Я оглянулся на ребят в поисках поддержки. Булатик и Ванька, самые мелкие у нас, сосредоточенно поддергивали шнуровку на перчатках. Ильдарик сидел на скамейке и ощупывал десны. Остальные пацаны смотрели на меня без любви.
Я пожал плечами, перепрыгнул через канаты и ушел в раздевалку.
С тренировки я вышел злой, что ужас. Вот на фига было устраивать такую выволочку с «пшёл-воном»? Сами учили: «Будут обижать — не обижайся», а сами обижаются. Что я такого сделал?

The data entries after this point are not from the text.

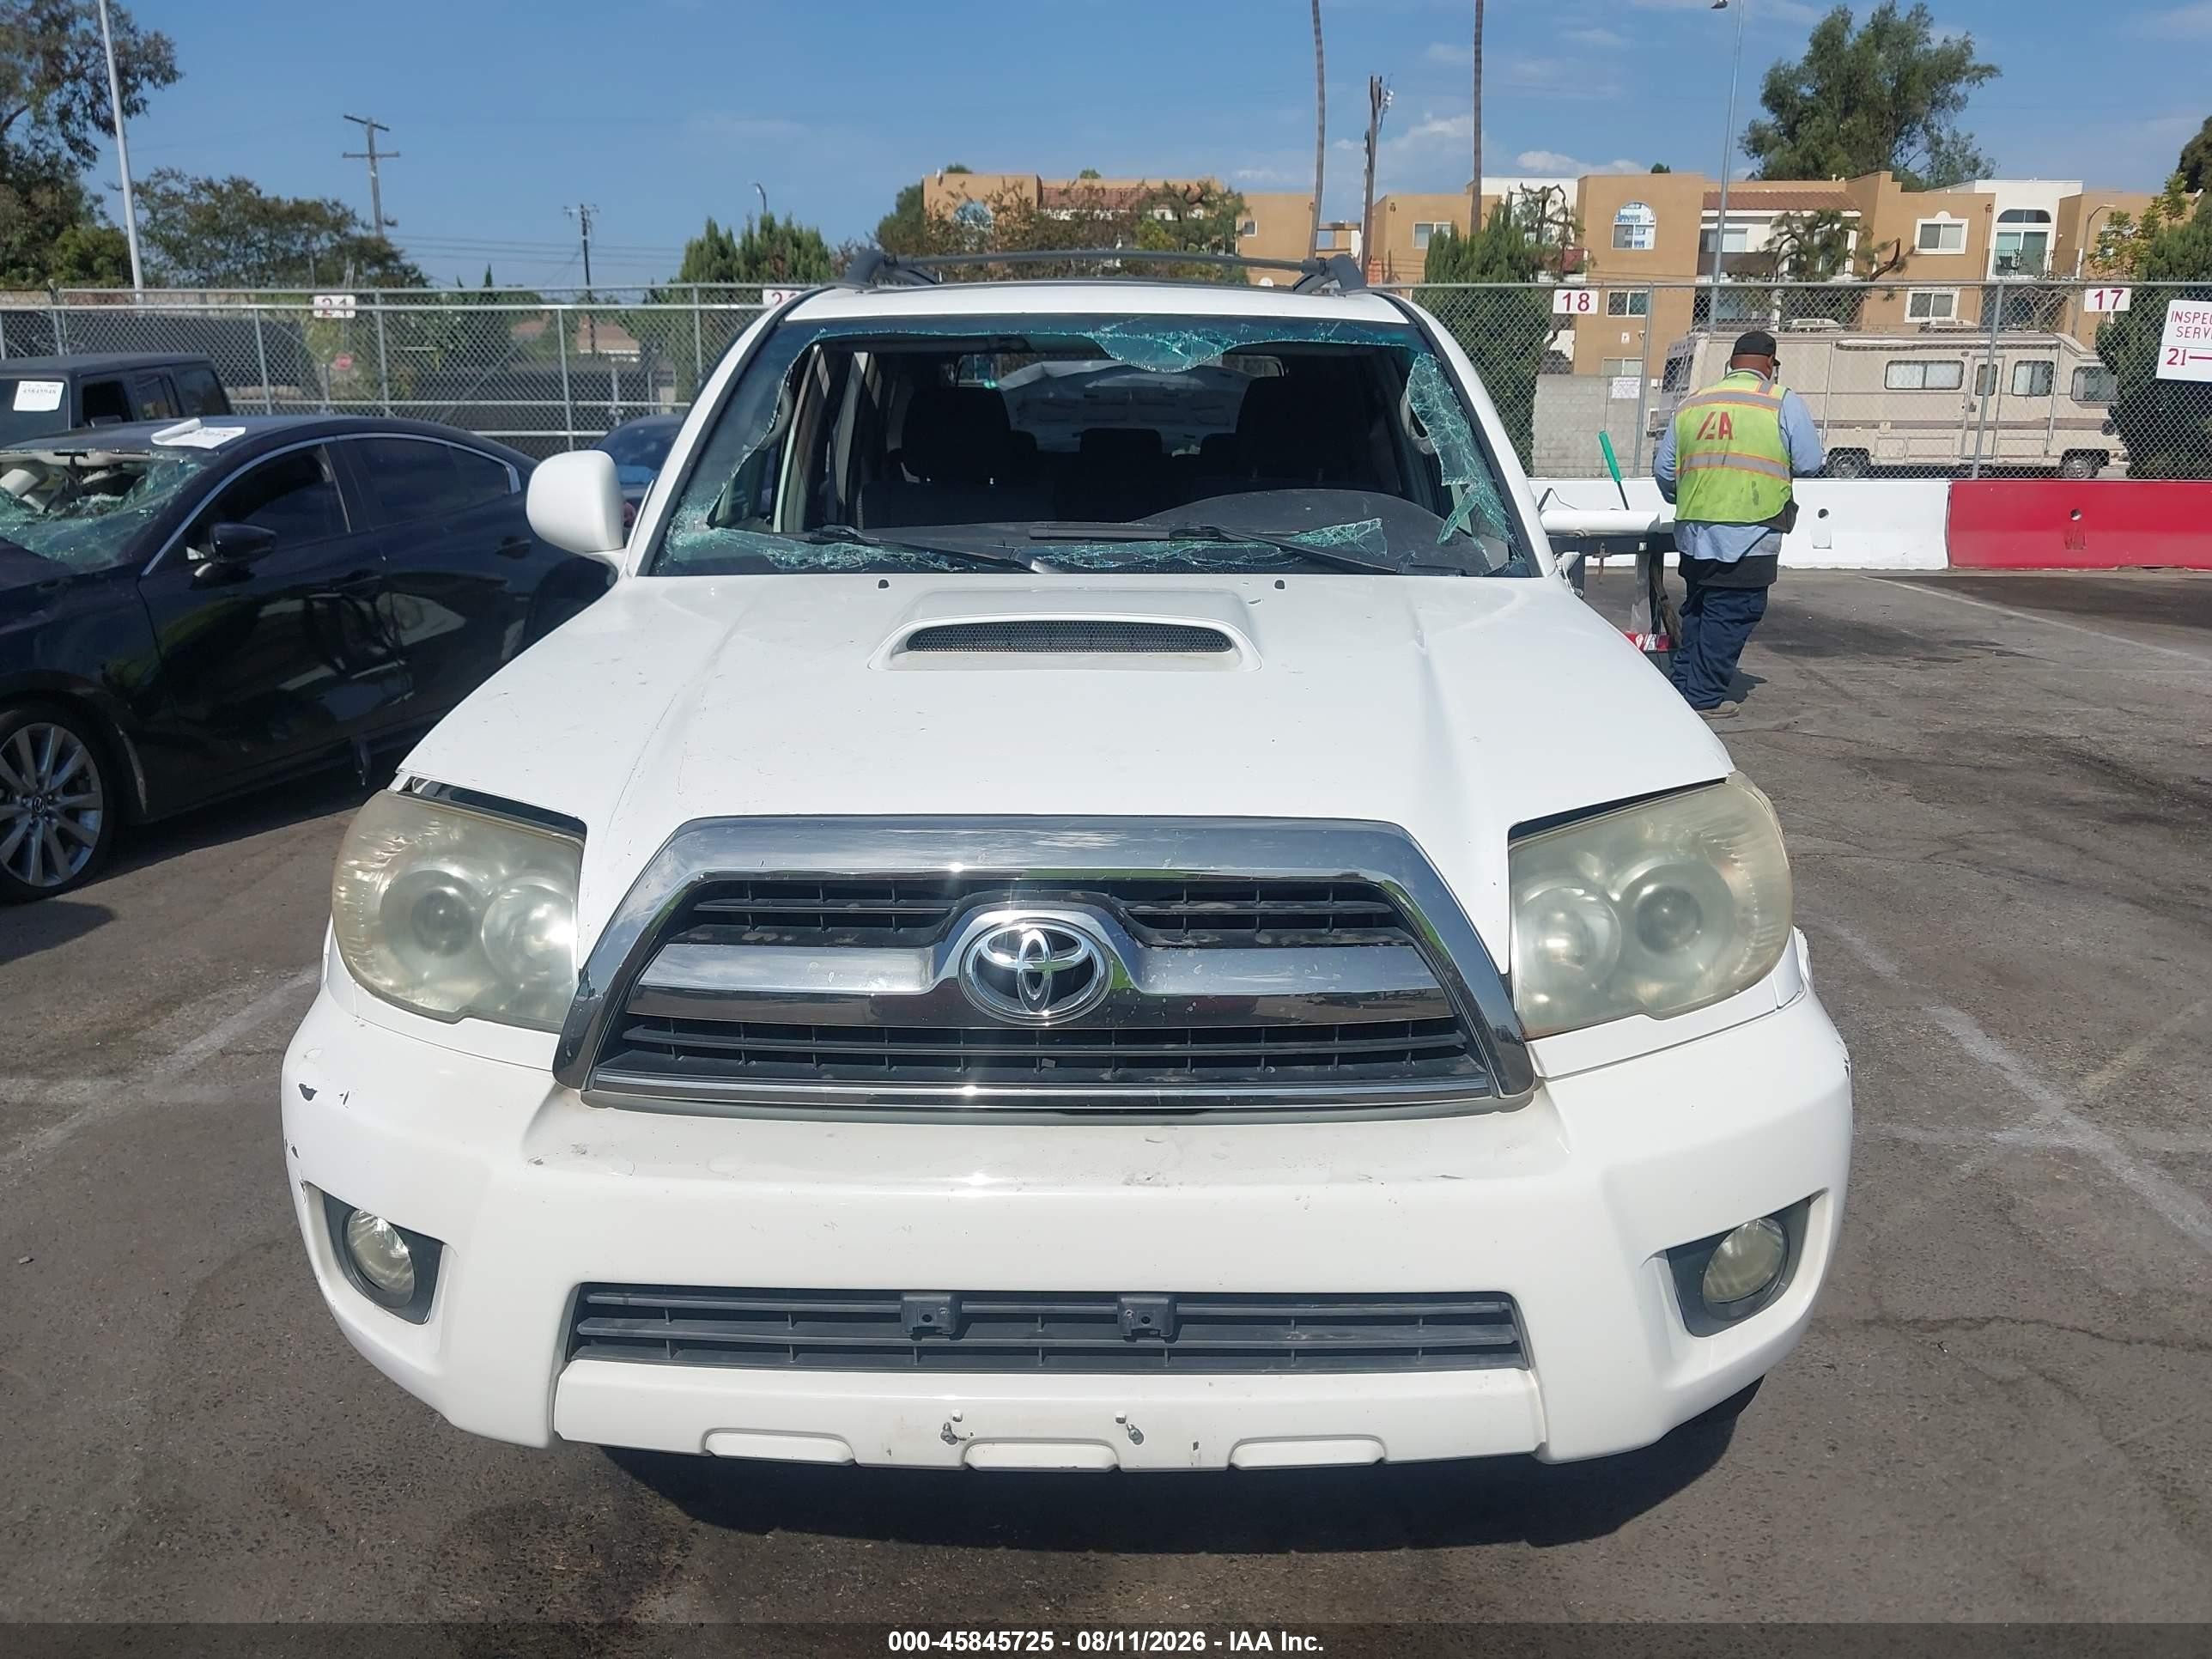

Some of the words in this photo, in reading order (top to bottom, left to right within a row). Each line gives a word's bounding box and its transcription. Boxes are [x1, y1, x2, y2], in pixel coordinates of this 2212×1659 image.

[1562, 292, 1590, 312] 18
[2094, 289, 2124, 310] 17
[2170, 310, 2212, 324] INSPE
[2176, 325, 2212, 340] SERV
[2166, 347, 2187, 366] 21

На самом деле понятно что. Извиняться или хотя бы молчать виновато не стал, вот что. У нас ведь правило какое: можешь хоть Кремль взорвать, но если затем стоишь весь несчастный, рассказываешь, какой был дурак и как больше никогда и ни за что, тогда простят. А я так не умею и не буду. Раньше я просто молчал угрюмо — «включал партизана», папин термин, — но это если действительно назихерил чего. А сейчас в чем зихер-то? Ну, увлекся малость, с кем не бывает. В остальном — делал что велено, на вопросы отвечал, улыбался — что мне, улыбаться теперь нельзя? Знаю, нельзя — улыбаться можно, лишь если сморозил чушь. А если натворил — будь плаксивый и весь убитый.
С какой стати? Только потому, что я мелкий считаюсь, а они не знаю какие взрослые? Я больше этих взрослых понимаю, знаю и умею, кстати. И сам выбираю, когда эти знания и умения включать. Слушаться старших надо, базару нет — но вот я всю дорогу старших слушался, и чем это кончилось? Ну, пока ничем страшным, но ведь… Стоп. Заткнулись, проехали.
По-любому зубами скрипеть на меня не надо и пугать тоже. Не получится.
По пути сердитость развеялась, а дома забылась. Едва по лестнице поднялся. В щель нашей двери был воткнут сложенный листок с типографскими буквами.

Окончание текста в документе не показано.